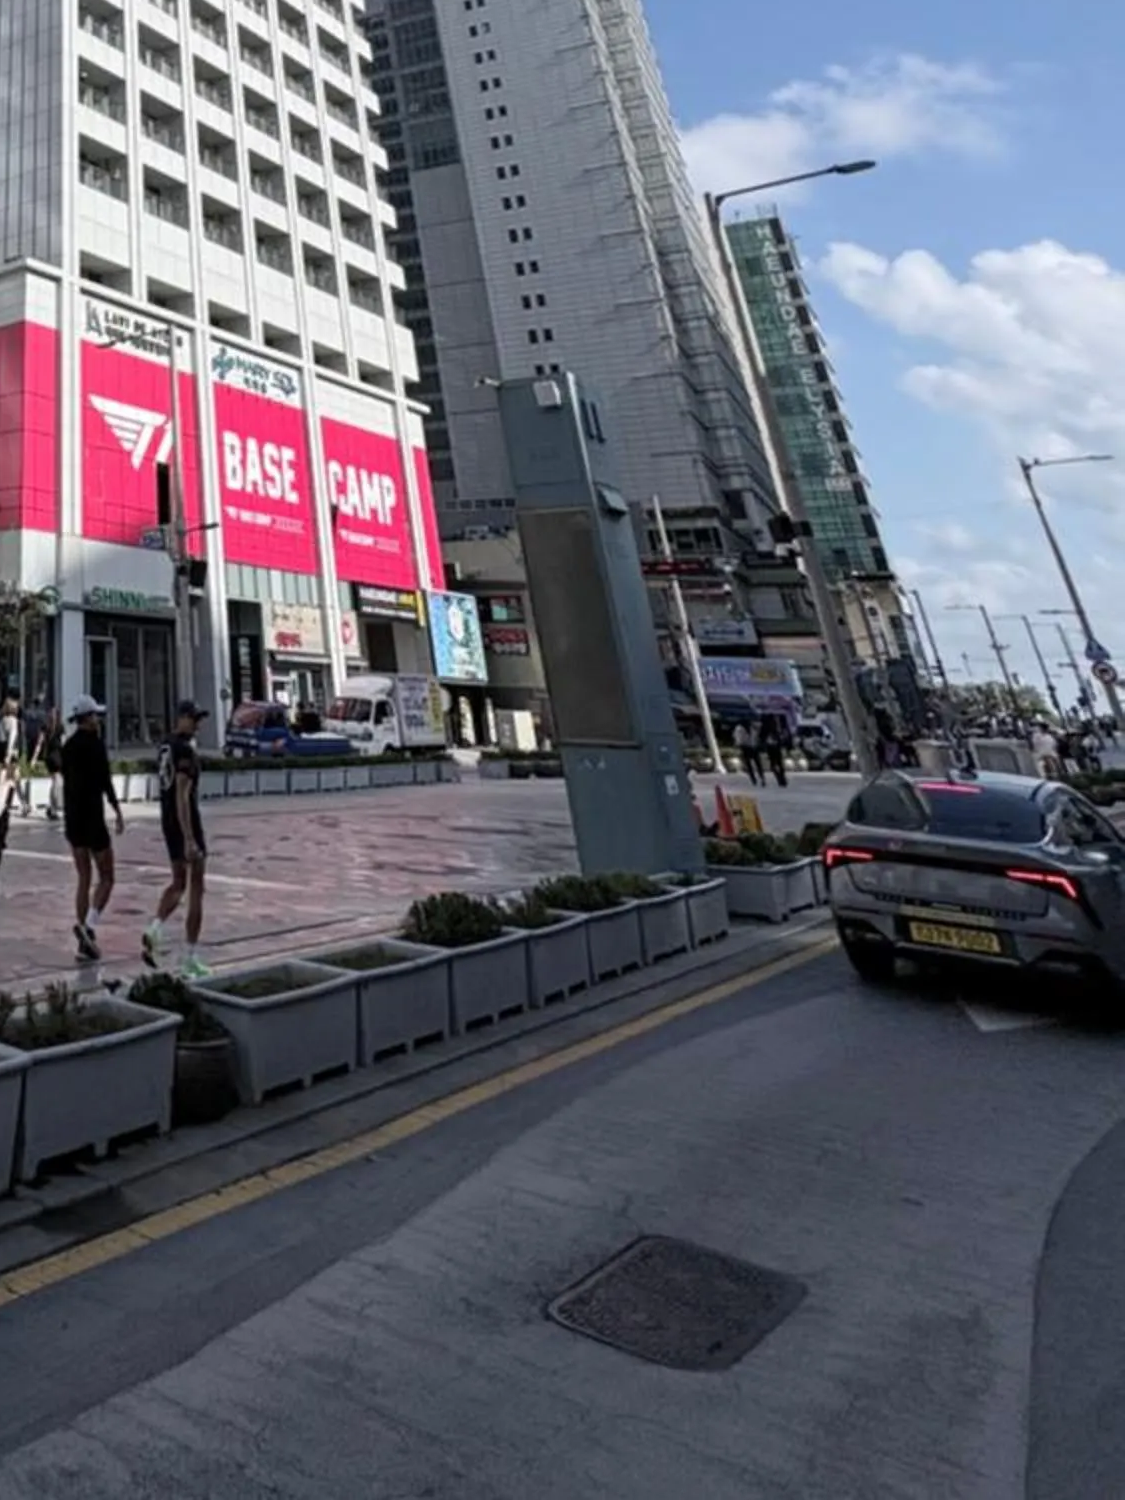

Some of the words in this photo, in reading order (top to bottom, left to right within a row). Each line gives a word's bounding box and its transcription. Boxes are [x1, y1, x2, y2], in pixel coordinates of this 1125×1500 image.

[756, 226, 807, 355] HAEUNDAE
[222, 430, 300, 505] BASE
[327, 459, 397, 527] CAMP
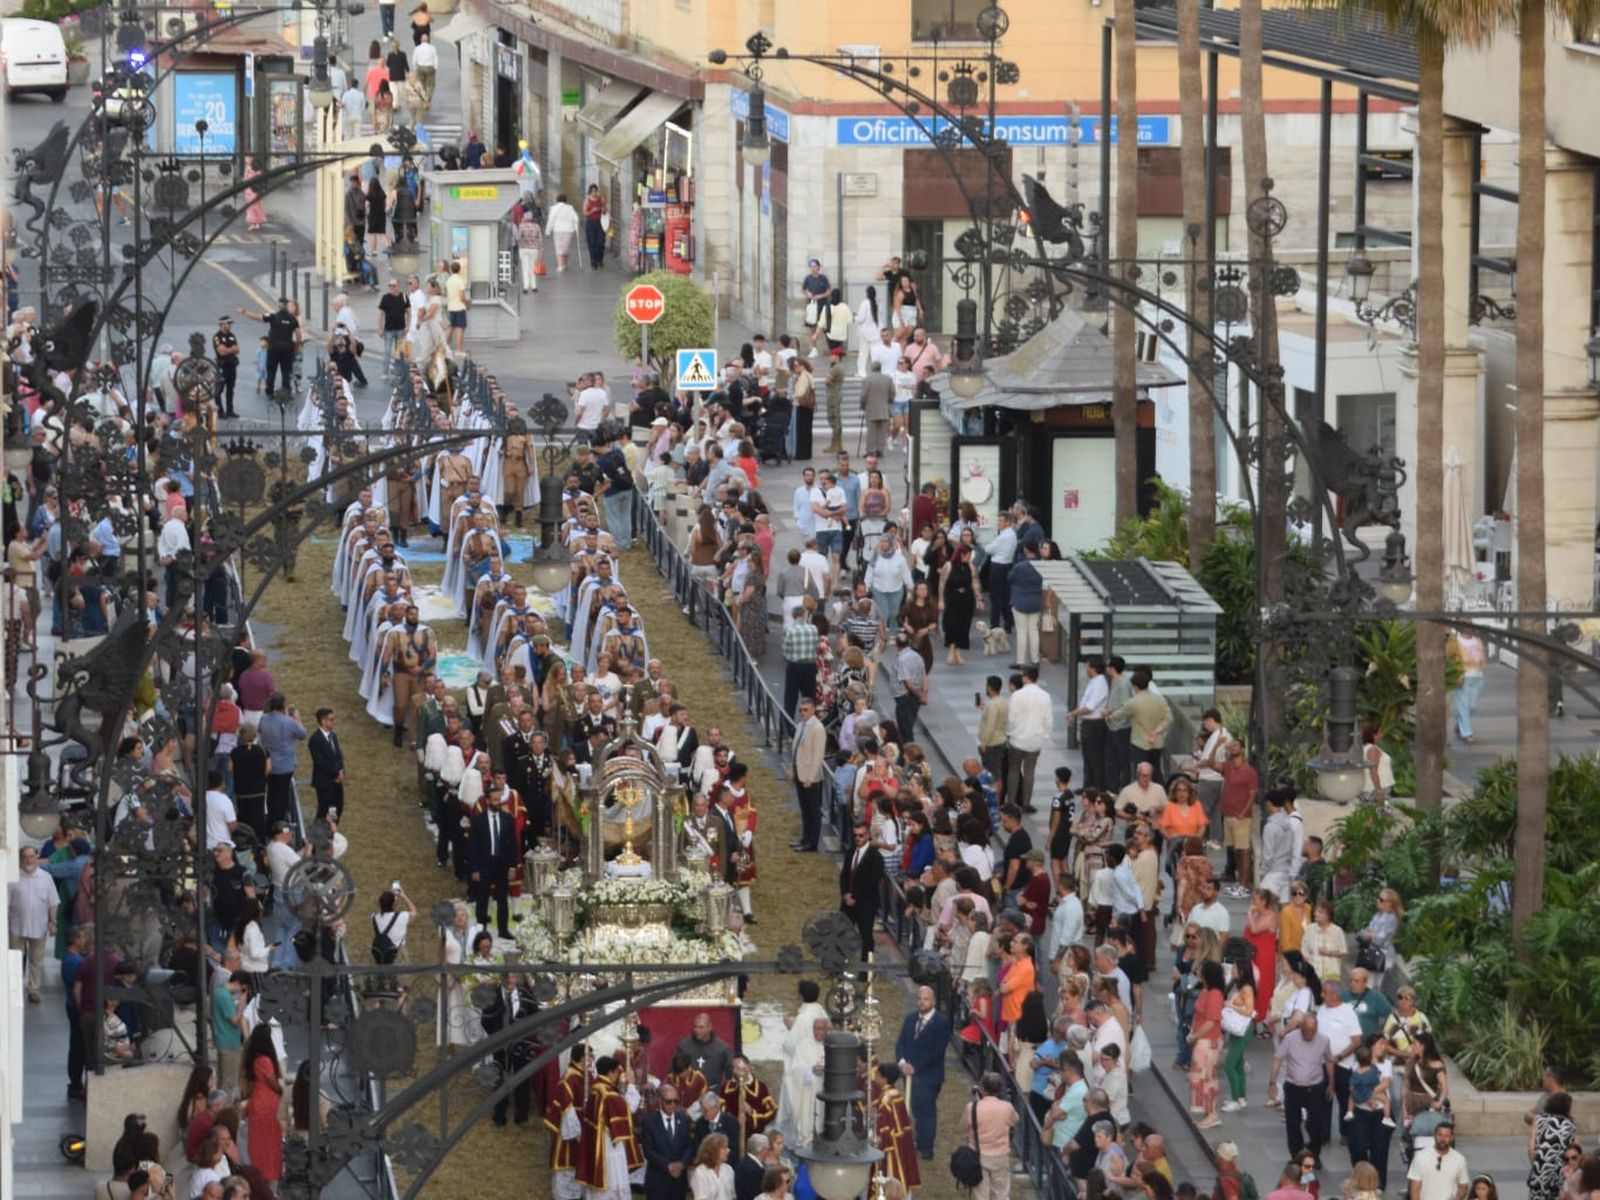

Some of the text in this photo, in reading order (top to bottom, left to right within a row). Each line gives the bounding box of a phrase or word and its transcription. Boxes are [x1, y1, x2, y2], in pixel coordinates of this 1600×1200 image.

+ + + +

> _PROBLEM REQUIREMENTS_:
Reproduce the listing word for word. Do not carry over the pictures.

> _SOLUTION_:
Some of the words in this photo, in reading order (top to bottom, left to right within a row). Each line gives a word's bounding box and its transcription. Boxes are [x1, y1, x2, y2], in pixel coordinates of this 1125×1500 image.

[756, 226, 807, 355] HAEUNDAE
[222, 430, 300, 505] BASE
[327, 459, 397, 527] CAMP

Some of the text in this photo, in reading order (top to bottom, left to right within a row). Each line gives the bounding box of a phrase or word and its transcription. Boxes are [x1, y1, x2, y2], in pixel coordinates of this 1600×1200 image.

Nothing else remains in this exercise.